■ Information given

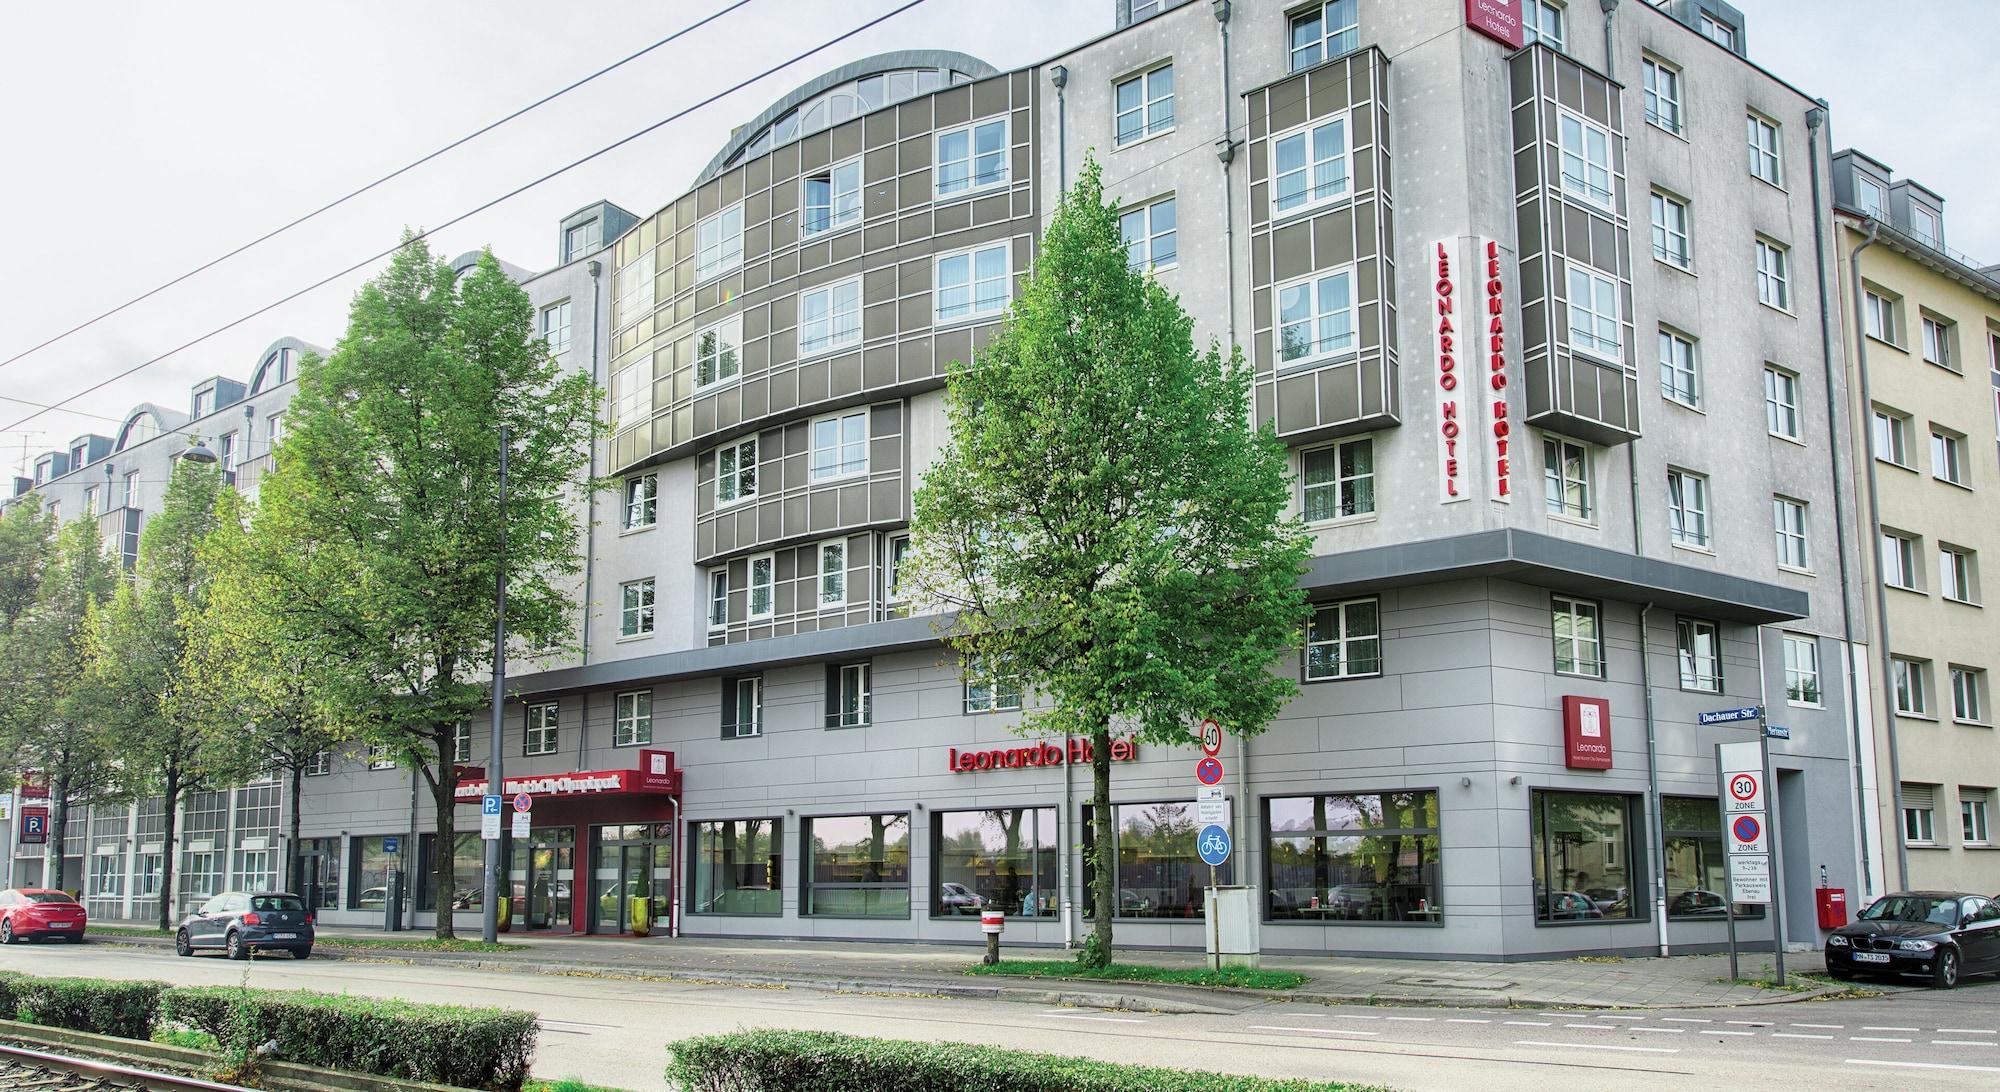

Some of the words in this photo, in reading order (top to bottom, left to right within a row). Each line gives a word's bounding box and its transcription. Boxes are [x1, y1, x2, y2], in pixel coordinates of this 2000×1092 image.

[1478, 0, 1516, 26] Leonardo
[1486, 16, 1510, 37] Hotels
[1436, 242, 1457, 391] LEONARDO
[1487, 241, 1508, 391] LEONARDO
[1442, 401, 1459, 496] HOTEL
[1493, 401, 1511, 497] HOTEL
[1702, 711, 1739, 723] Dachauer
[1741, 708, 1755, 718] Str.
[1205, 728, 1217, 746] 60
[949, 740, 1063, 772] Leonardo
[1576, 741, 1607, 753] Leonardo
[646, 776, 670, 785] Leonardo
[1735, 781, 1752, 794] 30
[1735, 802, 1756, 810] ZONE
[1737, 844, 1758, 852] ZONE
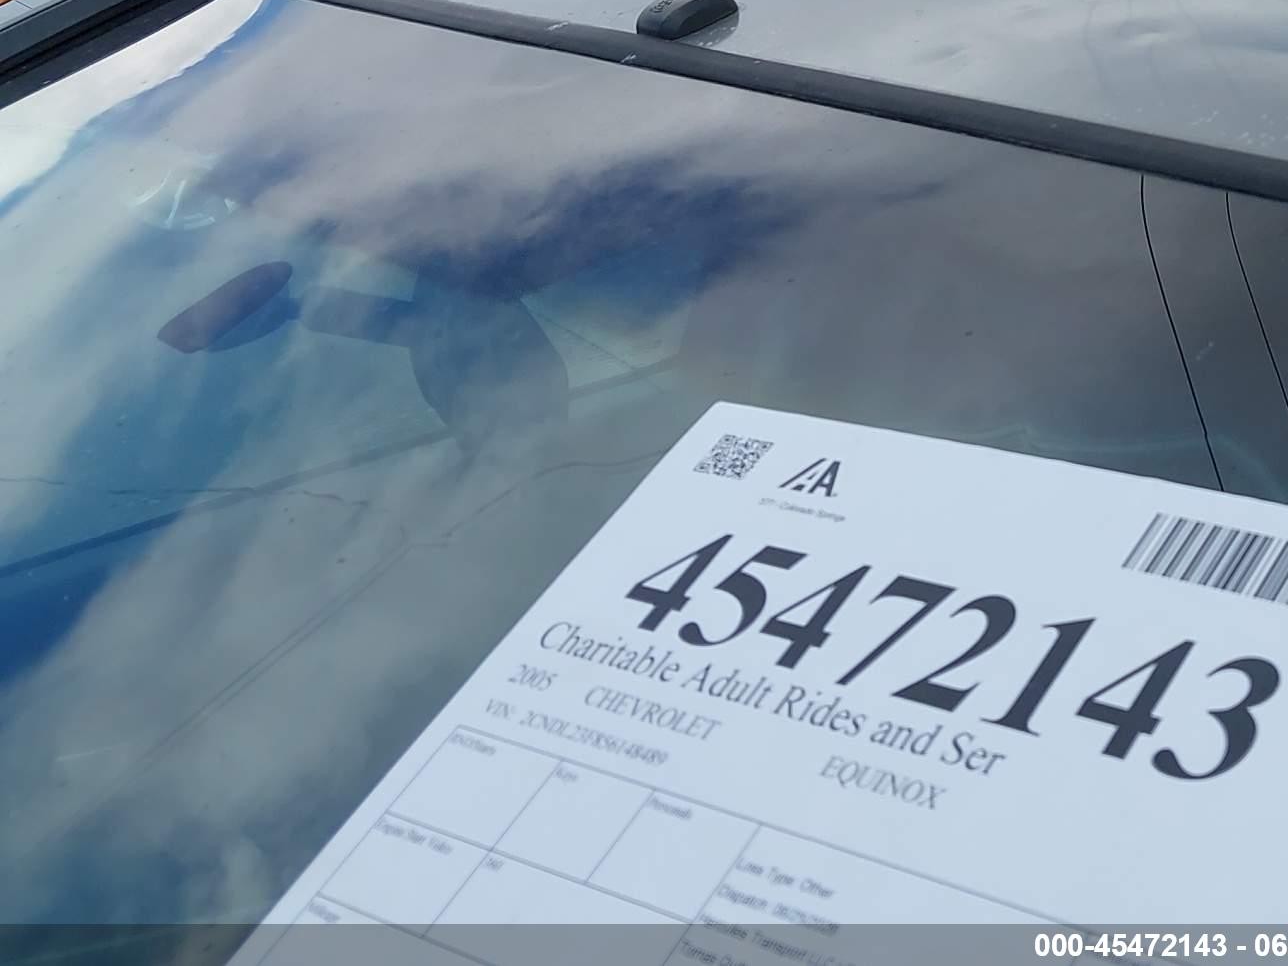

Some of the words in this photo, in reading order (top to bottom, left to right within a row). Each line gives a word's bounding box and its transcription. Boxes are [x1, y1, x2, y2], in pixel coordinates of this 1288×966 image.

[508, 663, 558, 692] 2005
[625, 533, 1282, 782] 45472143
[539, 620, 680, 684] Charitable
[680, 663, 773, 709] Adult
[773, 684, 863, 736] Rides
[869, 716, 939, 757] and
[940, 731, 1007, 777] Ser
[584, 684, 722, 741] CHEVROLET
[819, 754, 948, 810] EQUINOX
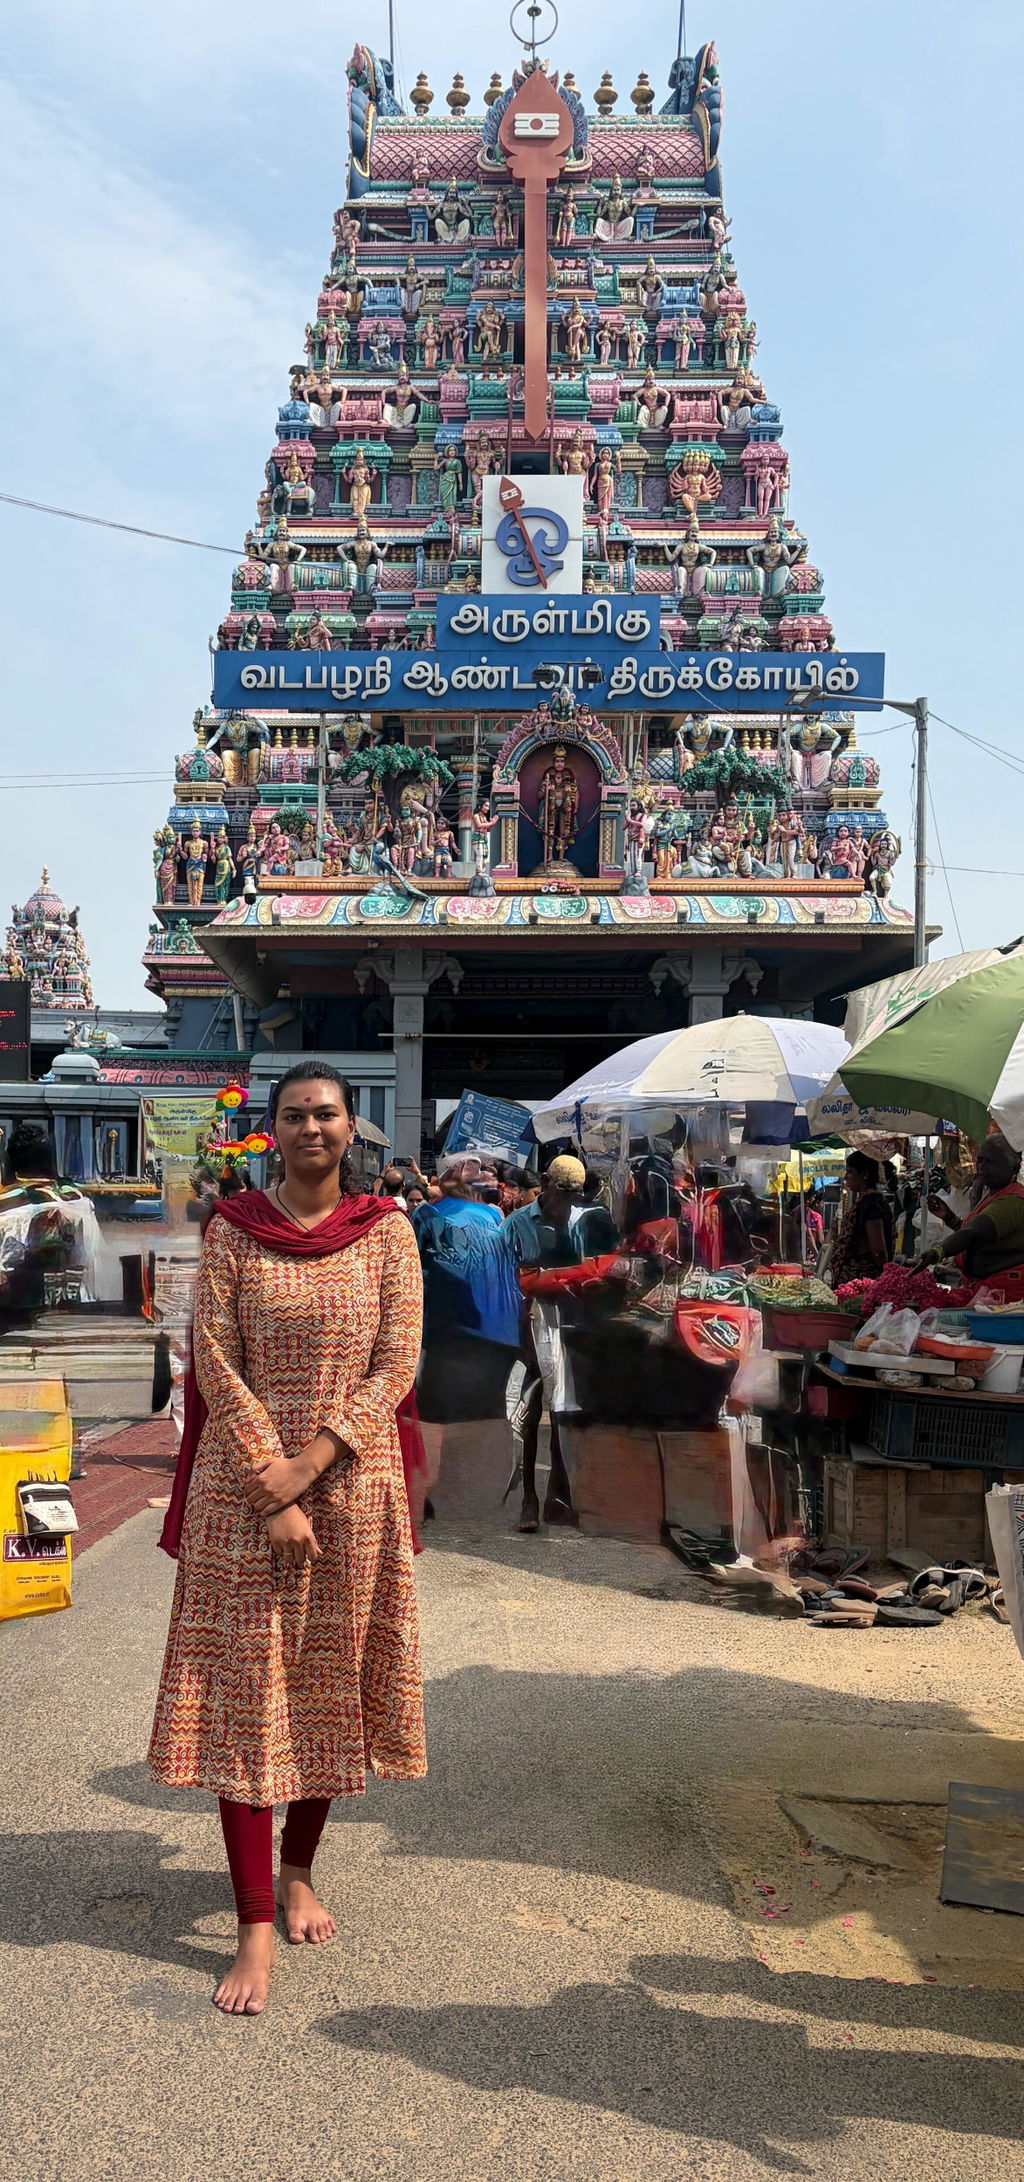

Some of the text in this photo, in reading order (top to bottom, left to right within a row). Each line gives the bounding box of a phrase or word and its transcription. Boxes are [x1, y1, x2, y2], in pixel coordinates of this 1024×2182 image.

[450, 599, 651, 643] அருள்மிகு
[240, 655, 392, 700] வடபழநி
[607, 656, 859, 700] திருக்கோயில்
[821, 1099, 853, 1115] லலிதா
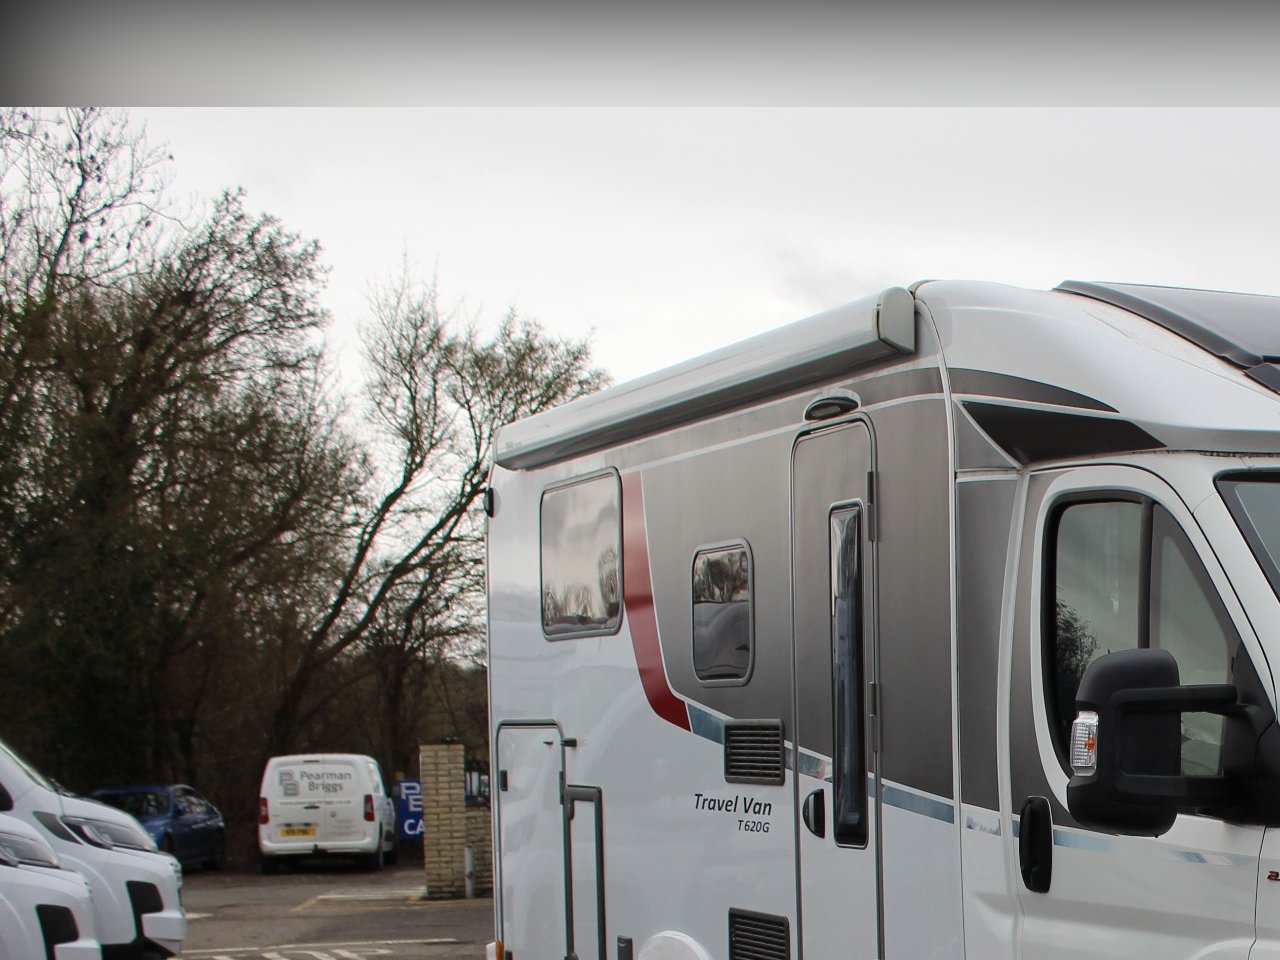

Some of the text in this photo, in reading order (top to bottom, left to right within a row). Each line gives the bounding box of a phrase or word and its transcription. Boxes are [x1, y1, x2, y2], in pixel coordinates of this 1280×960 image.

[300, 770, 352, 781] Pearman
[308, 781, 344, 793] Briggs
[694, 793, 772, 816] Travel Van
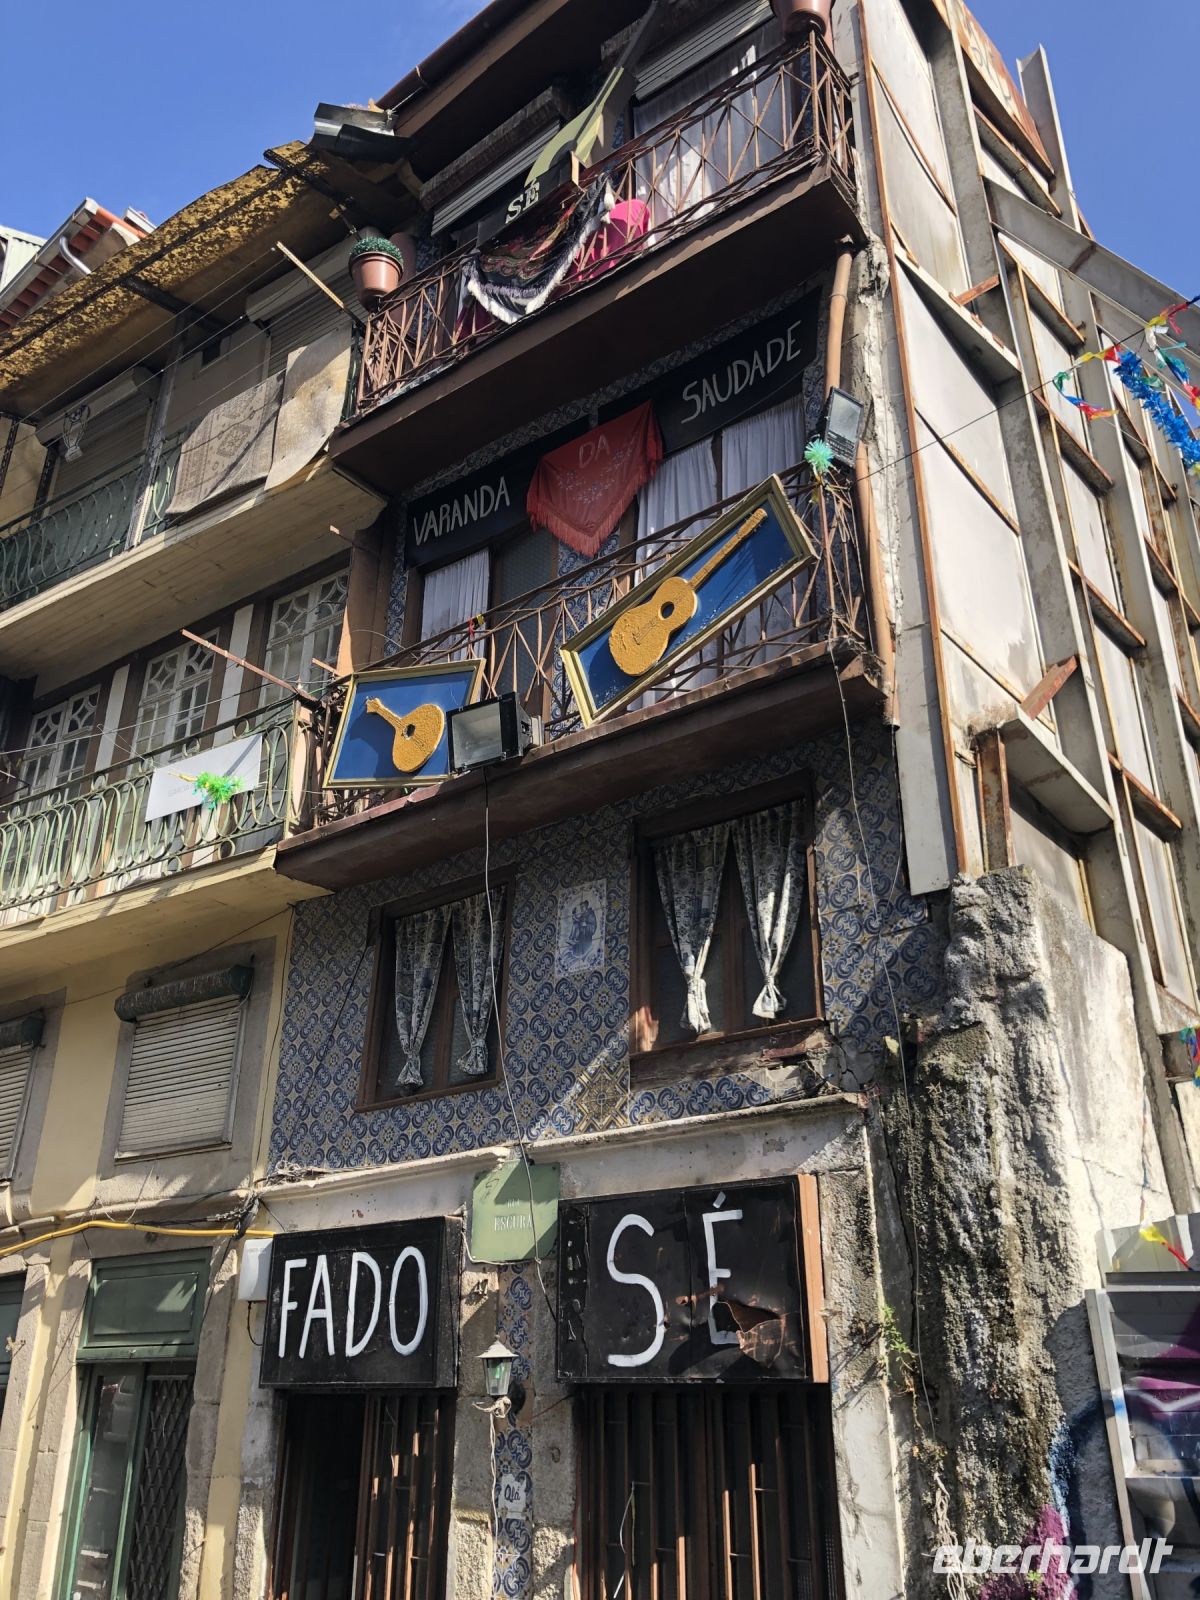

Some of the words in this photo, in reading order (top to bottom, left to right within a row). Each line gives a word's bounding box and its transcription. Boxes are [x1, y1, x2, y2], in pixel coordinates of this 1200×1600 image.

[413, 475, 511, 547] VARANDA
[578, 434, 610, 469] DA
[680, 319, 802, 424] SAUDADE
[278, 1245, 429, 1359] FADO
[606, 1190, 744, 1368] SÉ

■ Problem to work on
All preceding records should be duplicated verbatim, images excepted.

■ Task result
Some of the words in this photo, in reading order (top to bottom, left to right within a row). Each line gives a word's bounding box and its transcription. Boxes are [x1, y1, x2, y2], in pixel coordinates of this 2000×1092 image.

[1478, 0, 1516, 26] Leonardo
[1486, 16, 1510, 37] Hotels
[1436, 242, 1457, 391] LEONARDO
[1487, 241, 1508, 391] LEONARDO
[1442, 401, 1459, 496] HOTEL
[1493, 401, 1511, 497] HOTEL
[1702, 711, 1739, 723] Dachauer
[1741, 708, 1755, 718] Str.
[1205, 728, 1217, 746] 60
[949, 740, 1063, 772] Leonardo
[1576, 741, 1607, 753] Leonardo
[646, 776, 670, 785] Leonardo
[1735, 781, 1752, 794] 30
[1735, 802, 1756, 810] ZONE
[1737, 844, 1758, 852] ZONE

Some of the words in this photo, in reading order (top to bottom, left to right within a row). Each line gives a word's bounding box and its transcription. Boxes are [x1, y1, x2, y2], in pixel coordinates of this 1288×966 image.

[508, 663, 558, 692] 2005
[625, 533, 1282, 782] 45472143
[539, 620, 680, 684] Charitable
[680, 663, 773, 709] Adult
[773, 684, 863, 736] Rides
[869, 716, 939, 757] and
[940, 731, 1007, 777] Ser
[584, 684, 722, 741] CHEVROLET
[819, 754, 948, 810] EQUINOX

Some of the text in this photo, in reading order (top to bottom, left to right within a row). Each line gives the bounding box of a phrase or word and its transcription. Boxes are [x1, y1, x2, y2], in pixel coordinates of this 1024×2182 image.

[450, 599, 651, 643] அருள்மிகு
[240, 655, 392, 700] வடபழநி
[607, 656, 859, 700] திருக்கோயில்
[821, 1099, 853, 1115] லலிதா

Some of the text in this photo, in reading order (top to bottom, left to right within a row). Each line gives the bounding box of a phrase or word and its transcription. Boxes are [x1, y1, x2, y2], in pixel coordinates of this 1280×960 image.

[300, 770, 352, 781] Pearman
[308, 781, 344, 793] Briggs
[694, 793, 772, 816] Travel Van

Some of the words in this photo, in reading order (top to bottom, left to right within a row). Each line gives a word's bounding box and its transcription. Boxes are [x1, y1, x2, y2], in pixel coordinates of this 1200×1600 image.

[413, 475, 511, 547] VARANDA
[578, 434, 610, 469] DA
[680, 319, 802, 424] SAUDADE
[278, 1245, 429, 1359] FADO
[606, 1190, 744, 1368] SÉ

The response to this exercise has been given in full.